Apple (NASDAQ: AAPL) has been dominating the wearables market in recent years, thanks in large part to the popularity of Apple Watch. Strong demand for AirPods also helps, as the company is likewise the leader in hearables. The smartwatch market has been able to grow so far this year despite the economic havoc that the COVID-19 pandemic has wreaked across the world.

The Mac maker has expanded its market share over the past year and represented over half of all smartwatch revenue in the first two quarters of 2020. A customer trying on an Apple Watch in an Apple Store

Image source: Apple.

Apple Watch is the most popular smartwatch in the world

Counterpoint Research estimates that Apple's share of smartwatch revenue in the first half of 2020 was 51.4%, up from 43.2% in the first half of 2019. The No. 2 vendor was Garmin (NASDAQ: GRMN) with 9.4% share during that time frame, followed by China's Huawei at 8.3%. Overall unit volumes were roughly flat at around 42 million as consumers tried to continue exercising during the coronavirus crisis, but the 20% growth in total smartwatch revenue points to an increase in average selling prices (ASPs).

"The smartwatch space remains a popular consumer device segment, compared to the downturn seen in smartphone demand and many other segments in the first six months of 2020 due to the devastation caused by COVID-19," Counterpoint senior analyst Sujeong Lim said. "Close to 42 million smartwatches were shipped in the first half of 2020 as wearables continue to see greater demand with consumers becoming more health conscious."

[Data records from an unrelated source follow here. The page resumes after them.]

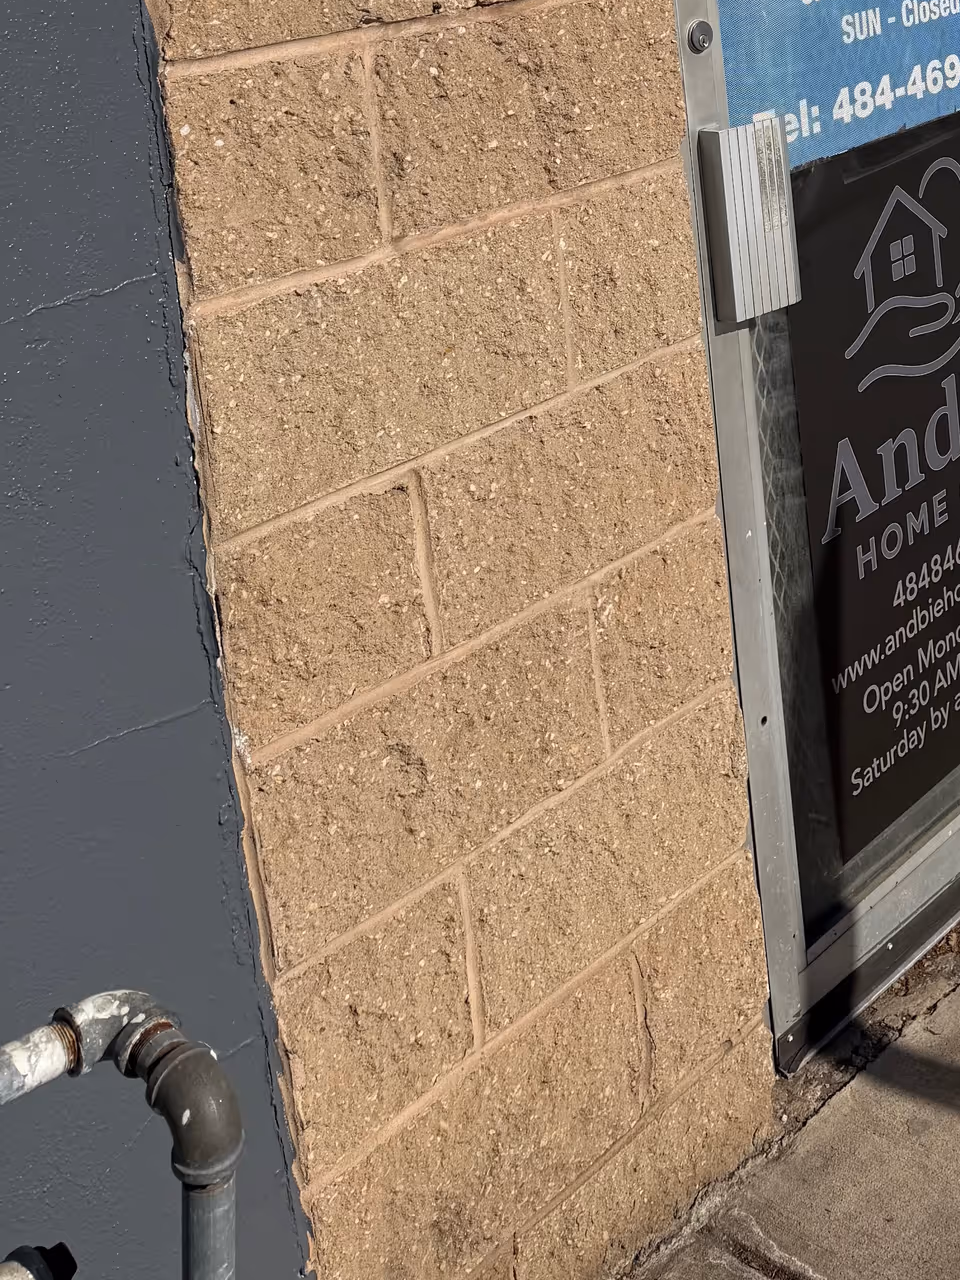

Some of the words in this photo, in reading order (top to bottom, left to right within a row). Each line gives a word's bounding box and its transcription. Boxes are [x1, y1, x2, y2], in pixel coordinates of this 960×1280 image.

[841, 7, 881, 44] SUN
[856, 489, 949, 580] HOME
[862, 659, 914, 715] Open
[891, 688, 930, 728] 9:30
[850, 723, 927, 797] Saturday
[930, 700, 951, 729] by
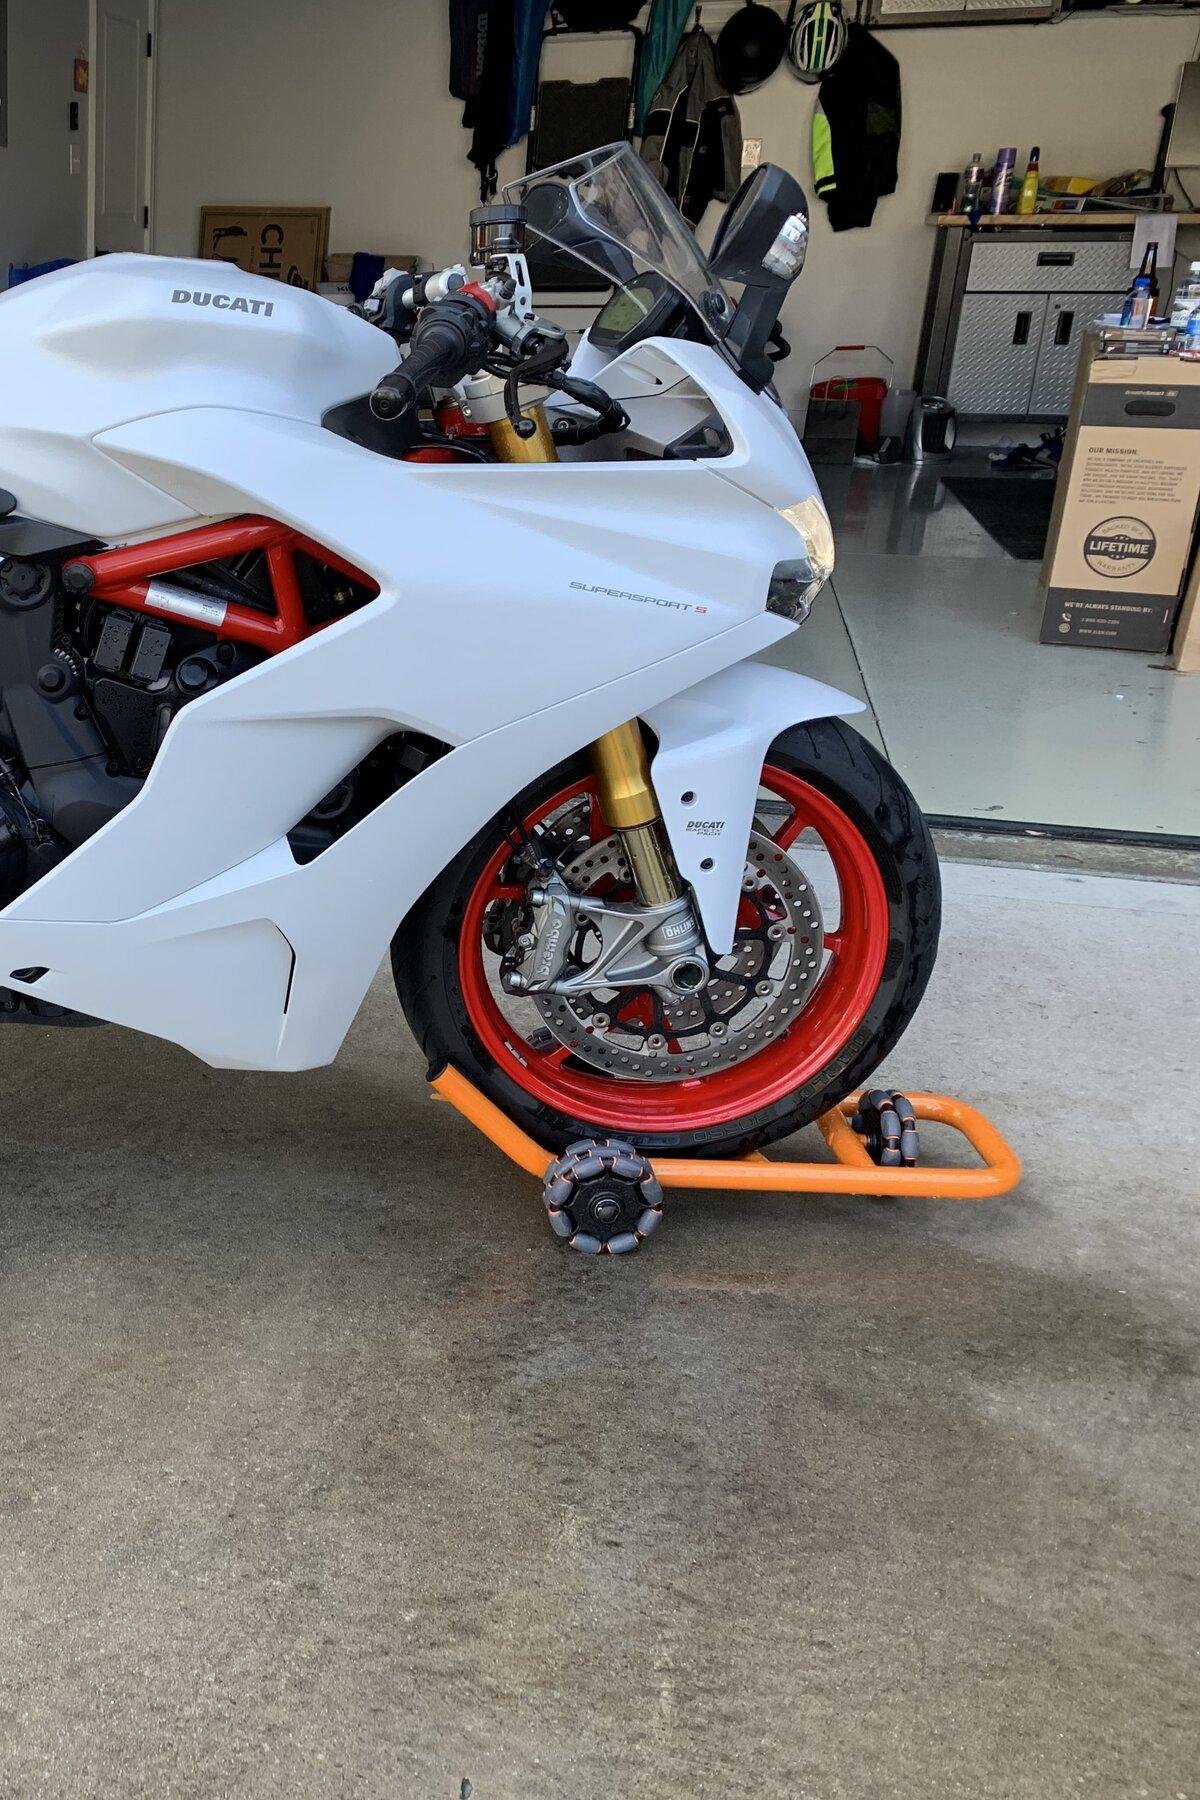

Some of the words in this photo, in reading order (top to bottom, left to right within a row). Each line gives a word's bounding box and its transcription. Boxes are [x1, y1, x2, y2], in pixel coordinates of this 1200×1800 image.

The Apple Watch Series 5 has the most popular smartwatch model thus far in 2020, followed by the older Apple Watch Series 3 that the Cupertino tech giant continues to sell at a lower $199 price point. Huawei's Watch GT2 was the third best-selling gadget, with Samsung's Galaxy Watch Active 2 ranking No. 4 in popularity.

Fitbit (NYSE: FIT) didn't fare too well, grabbing just 2.4% of smartwatch revenue. The wearable tech specialist, which Alphabet's (NASDAQ: GOOG) (NASDAQ: GOOGL) Google is attempting to acquire, faced stiff competition from Apple and Garmin, according to Counterpoint's Neil Shah. The market researcher believes that Fitbit will need to do more to "ignite the demand during the holiday season." Fitbit is expected to have a Versa 3 in the pipeline, as well as a new smartwatch model called the Sense.

Earlier this month, Fitbit reported a nearly 30% drop in devices sold (including both smartwatches and basic fitness trackers) in its fiscal second quarter. As for Google, Counterpoint estimates that the company's WearOS platform represented approximately 10% of the market.

European antitrust regulators recently opened an antitrust investigation into Google's proposed acquisition of Fitbit over concerns that the search giant will leverage sensitive health data for ad-targeting purposes. Still, both companies remain optimistic about closing the deal before year-end.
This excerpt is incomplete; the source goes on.